- _What to work on_
Word for word, retype the records below.

Referring expression grounding data

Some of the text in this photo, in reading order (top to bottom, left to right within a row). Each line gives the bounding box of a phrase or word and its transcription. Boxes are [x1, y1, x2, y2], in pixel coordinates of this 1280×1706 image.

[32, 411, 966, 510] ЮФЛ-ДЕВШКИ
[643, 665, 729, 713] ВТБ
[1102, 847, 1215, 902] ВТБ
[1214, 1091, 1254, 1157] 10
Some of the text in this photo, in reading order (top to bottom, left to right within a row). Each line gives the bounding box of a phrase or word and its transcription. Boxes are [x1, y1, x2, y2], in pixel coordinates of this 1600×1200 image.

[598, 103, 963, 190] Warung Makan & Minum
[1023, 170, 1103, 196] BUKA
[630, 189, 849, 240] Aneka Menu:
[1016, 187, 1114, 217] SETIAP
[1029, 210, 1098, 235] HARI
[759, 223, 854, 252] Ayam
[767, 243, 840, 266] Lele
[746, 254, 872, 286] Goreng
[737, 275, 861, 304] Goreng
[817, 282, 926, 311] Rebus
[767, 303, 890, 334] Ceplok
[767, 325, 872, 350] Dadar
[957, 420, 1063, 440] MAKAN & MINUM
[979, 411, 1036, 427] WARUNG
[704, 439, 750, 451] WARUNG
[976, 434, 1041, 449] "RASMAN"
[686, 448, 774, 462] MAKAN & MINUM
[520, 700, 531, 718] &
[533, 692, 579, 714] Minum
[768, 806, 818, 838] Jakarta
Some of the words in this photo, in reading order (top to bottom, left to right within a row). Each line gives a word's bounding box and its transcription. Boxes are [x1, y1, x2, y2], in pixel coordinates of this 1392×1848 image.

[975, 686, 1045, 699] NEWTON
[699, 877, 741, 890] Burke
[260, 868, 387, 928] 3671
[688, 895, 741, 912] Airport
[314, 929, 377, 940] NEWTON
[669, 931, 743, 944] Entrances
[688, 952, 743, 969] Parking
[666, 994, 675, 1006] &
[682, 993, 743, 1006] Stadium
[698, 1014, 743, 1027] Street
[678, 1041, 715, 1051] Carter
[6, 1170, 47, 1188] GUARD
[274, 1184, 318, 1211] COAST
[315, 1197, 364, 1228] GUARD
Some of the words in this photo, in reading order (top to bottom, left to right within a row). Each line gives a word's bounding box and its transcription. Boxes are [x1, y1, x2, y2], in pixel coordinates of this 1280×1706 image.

- _Response to this task_
Some of the text in this photo, in reading order (top to bottom, left to right within a row). Each line gives the bounding box of a phrase or word and its transcription. Boxes are [x1, y1, x2, y2], in pixel coordinates of this 1280×1706 image.

[32, 411, 966, 510] ЮФЛ-ДЕВШКИ
[643, 665, 729, 713] ВТБ
[1102, 847, 1215, 902] ВТБ
[1214, 1091, 1254, 1157] 10
Some of the text in this photo, in reading order (top to bottom, left to right within a row). Each line gives the bounding box of a phrase or word and its transcription. Boxes are [x1, y1, x2, y2], in pixel coordinates of this 1600×1200 image.

[598, 103, 963, 190] Warung Makan & Minum
[1023, 170, 1103, 196] BUKA
[630, 189, 849, 240] Aneka Menu:
[1016, 187, 1114, 217] SETIAP
[1029, 210, 1098, 235] HARI
[759, 223, 854, 252] Ayam
[767, 243, 840, 266] Lele
[746, 254, 872, 286] Goreng
[737, 275, 861, 304] Goreng
[817, 282, 926, 311] Rebus
[767, 303, 890, 334] Ceplok
[767, 325, 872, 350] Dadar
[957, 420, 1063, 440] MAKAN & MINUM
[979, 411, 1036, 427] WARUNG
[704, 439, 750, 451] WARUNG
[976, 434, 1041, 449] "RASMAN"
[686, 448, 774, 462] MAKAN & MINUM
[520, 700, 531, 718] &
[533, 692, 579, 714] Minum
[768, 806, 818, 838] Jakarta
Some of the words in this photo, in reading order (top to bottom, left to right within a row). Each line gives a word's bounding box and its transcription. Boxes are [x1, y1, x2, y2], in pixel coordinates of this 1392×1848 image.

[975, 686, 1045, 699] NEWTON
[699, 877, 741, 890] Burke
[260, 868, 387, 928] 3671
[688, 895, 741, 912] Airport
[314, 929, 377, 940] NEWTON
[669, 931, 743, 944] Entrances
[688, 952, 743, 969] Parking
[666, 994, 675, 1006] &
[682, 993, 743, 1006] Stadium
[698, 1014, 743, 1027] Street
[678, 1041, 715, 1051] Carter
[6, 1170, 47, 1188] GUARD
[274, 1184, 318, 1211] COAST
[315, 1197, 364, 1228] GUARD
Some of the words in this photo, in reading order (top to bottom, left to right within a row). Each line gives a word's bounding box and its transcription. Boxes are [x1, y1, x2, y2], in pixel coordinates of this 1280×1706 image.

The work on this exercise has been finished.